Ist Jesus Gott?

Wenn du an Jesus glaubst, weil du das von Klein auf so gelernt hast, hast du dir die Frage bestimmt auch schon mal gestellt: „Ist Jesus Gott?“ 

Auch wenn diese Frage seltsam erscheinen mag, für Christen ist sie relevant. Genau genommen bietet das Christentum ja eher so eine Art Monotheismus zweiter Klasse. Denn der „liebe“ Gott, also der jüdische Rache- und Kriegsgott Jahwe, ist im christlichen Verständnis eine Dreiheit.

Jahwe Gott Israels
Lieber Gott oder himmlischer Tyrann? Bei jahwe ist das leider nicht eindeutig

Jesus als Teil der göttlichen Dreifaltigkeit

Will man der Sache auf die Spur gehen und hört sich dazu etwa christliche O-Töne an, wird es schnell kryptisch. Gott sei mit sich selbst in der Dreifaltigkeit identisch – oder so. Es wird von „Wesenseinheit“ gesprochen – und schon geht ein Haufen fröhlicher „christologischer“ Mumbo-Jumbo los.

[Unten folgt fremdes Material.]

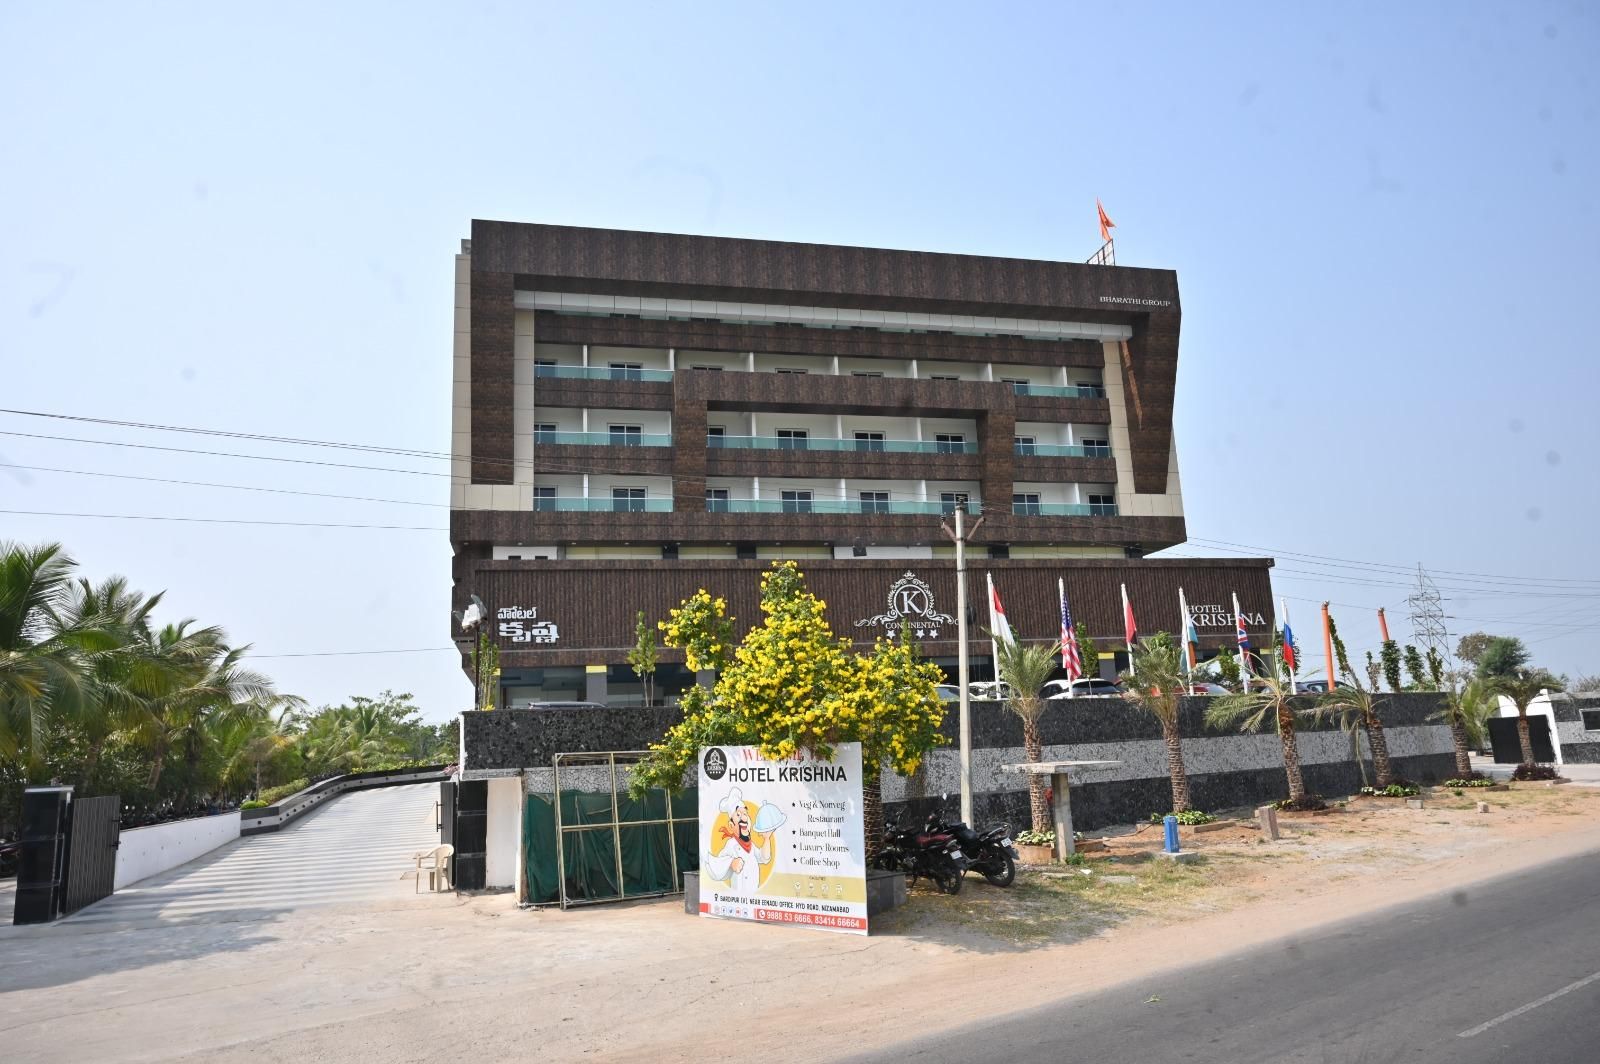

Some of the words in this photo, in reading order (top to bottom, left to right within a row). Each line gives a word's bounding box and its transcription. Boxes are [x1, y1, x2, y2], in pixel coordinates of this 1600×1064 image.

[1100, 296, 1141, 304] BHARATHI
[900, 590, 922, 614] K
[1186, 604, 1225, 613] HOTEL
[885, 621, 940, 629] CONINENTAL
[499, 621, 560, 643] కృష్ణ
[729, 768, 775, 782] HOTEL
[779, 766, 847, 782] KRISHNA
[807, 814, 845, 823] Restaurant
[799, 827, 827, 839] Banquet
[827, 828, 841, 838] Hall
[799, 842, 823, 854] Luxury
[825, 843, 850, 853] Rooms
[800, 857, 822, 866] Coffee
[822, 857, 841, 870] Shop
[821, 904, 850, 914] NIZAMABAD
[766, 910, 783, 920] 9888
[784, 912, 793, 922] 53
[814, 915, 835, 926] 83414
[837, 917, 860, 928] 66664
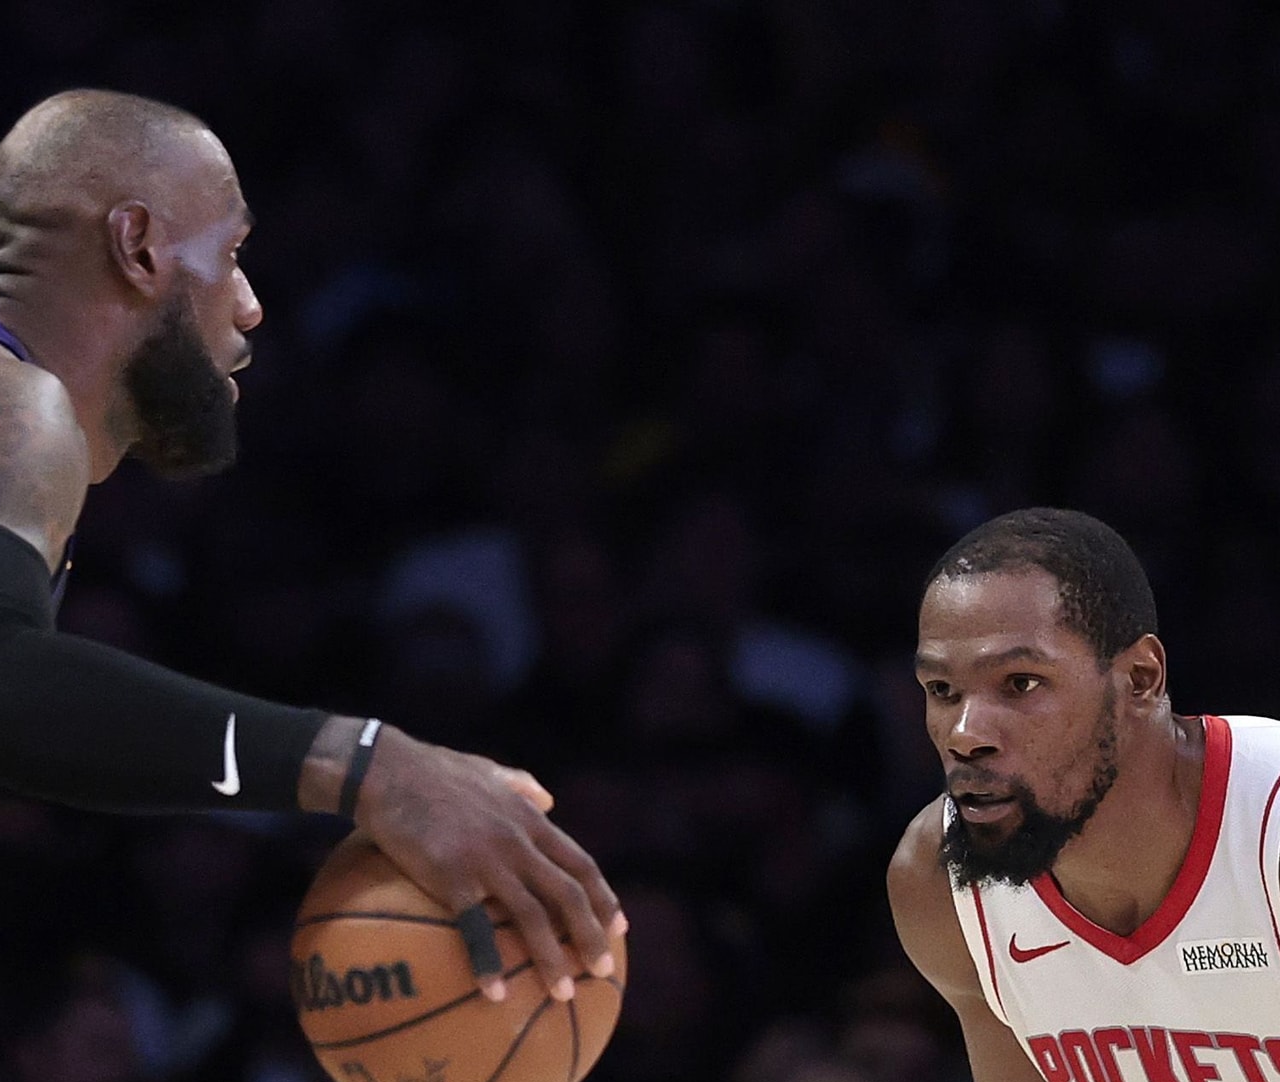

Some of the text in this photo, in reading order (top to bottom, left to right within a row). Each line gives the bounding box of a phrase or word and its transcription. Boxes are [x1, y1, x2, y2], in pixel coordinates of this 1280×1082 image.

[1182, 942, 1267, 960] MEMORIAL
[1184, 953, 1269, 972] HERMANN
[291, 953, 416, 1012] lson
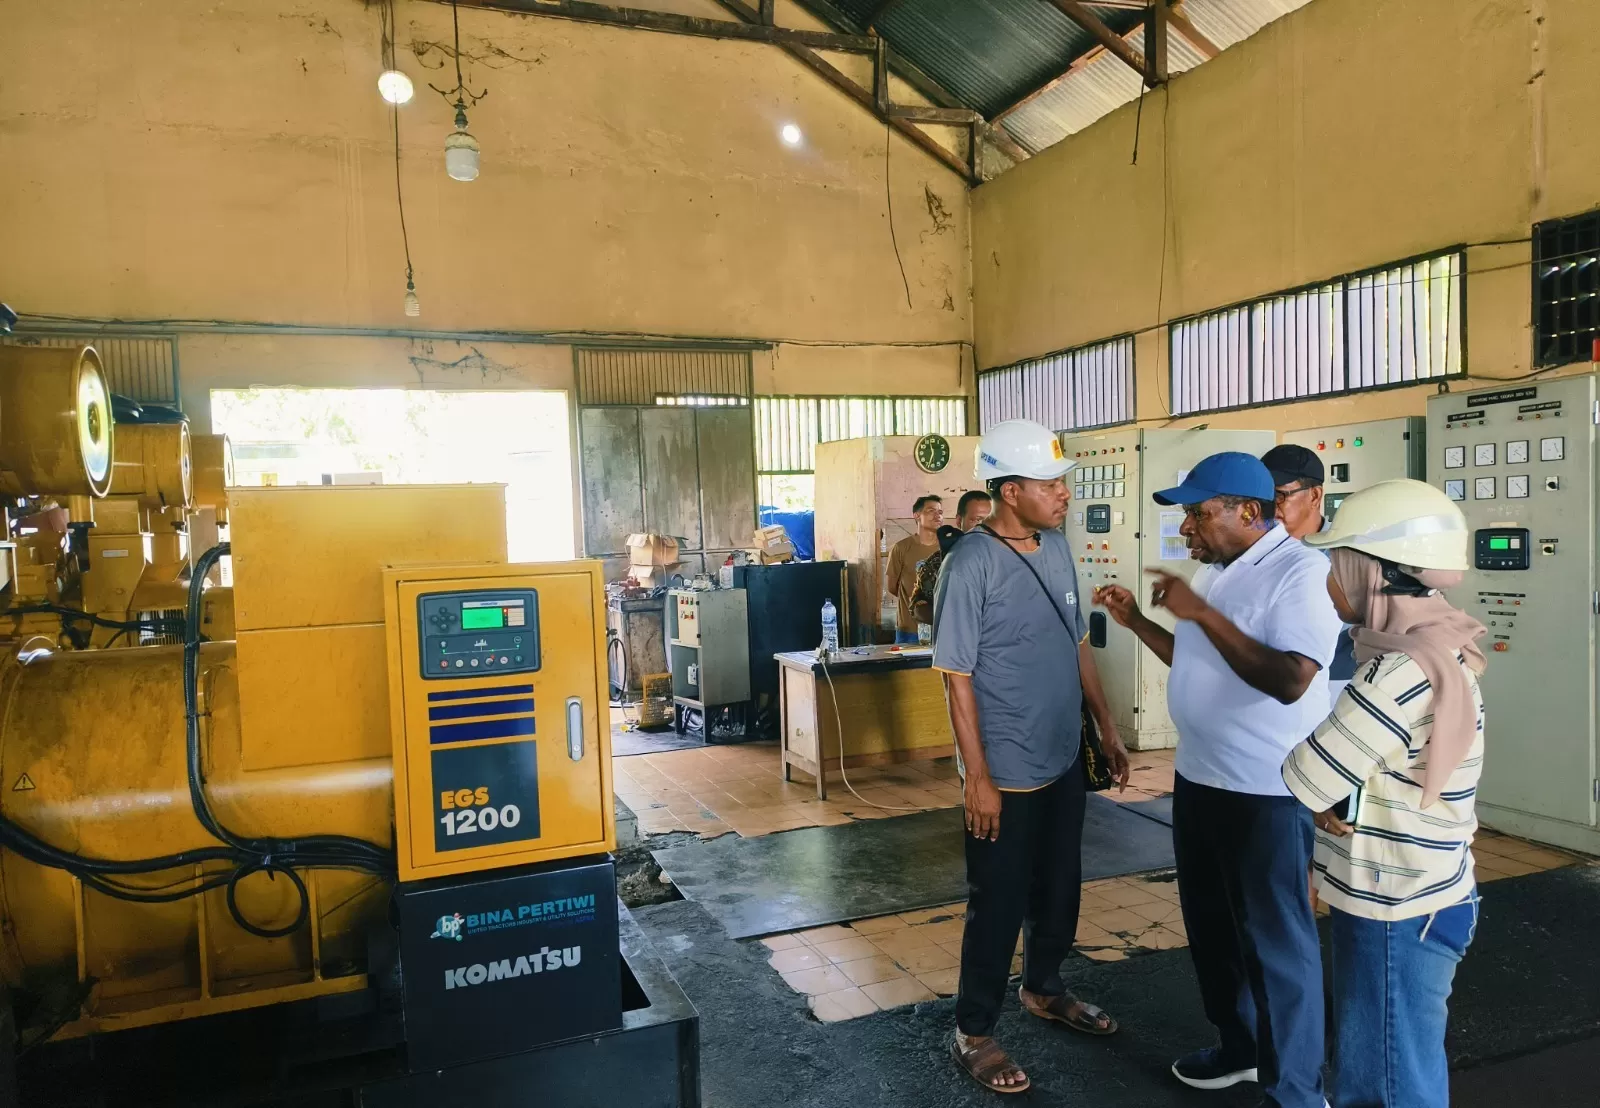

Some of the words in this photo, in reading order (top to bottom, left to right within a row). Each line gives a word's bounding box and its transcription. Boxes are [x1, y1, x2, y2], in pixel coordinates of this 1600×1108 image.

[441, 786, 490, 810] EGS
[440, 804, 521, 836] 1200
[466, 908, 514, 928] BINA
[518, 894, 595, 919] PERTIWI
[488, 921, 517, 931] TRACTORS
[516, 917, 542, 927] INDUSTRY
[547, 912, 566, 921] UTILITY
[566, 908, 596, 918] SOLUTIONS
[445, 945, 581, 990] KOMATSU

Die für viele andere Themen einigermaßen vertrauenswürdige Wikipedia ist selbst von der Schwurbelei betroffen und formuliert zur Trinität:

„Damit [mit der Dreifaltigkeit] wird zugleich ihre Unterscheidung und ihre unauflösbare Einheit ausgedrückt.“

Frei nach dem Motto: Die beste Logik ist zirkulär, weil sie sich im Kreis dreht.

Jesus: Mensch oder Gott?

Mit diesem dialektischen Kniff gelingt den Theologen eine ewige Mystifizierung des christlichen Gottes: Er bleibt unerklärbar, unvorstellbar, unteilbar, etc. Er kann gar nicht begriffen werden. Sonst wäre es ja nicht mehr Gott, sondern „nur“ Jesus als Mensch.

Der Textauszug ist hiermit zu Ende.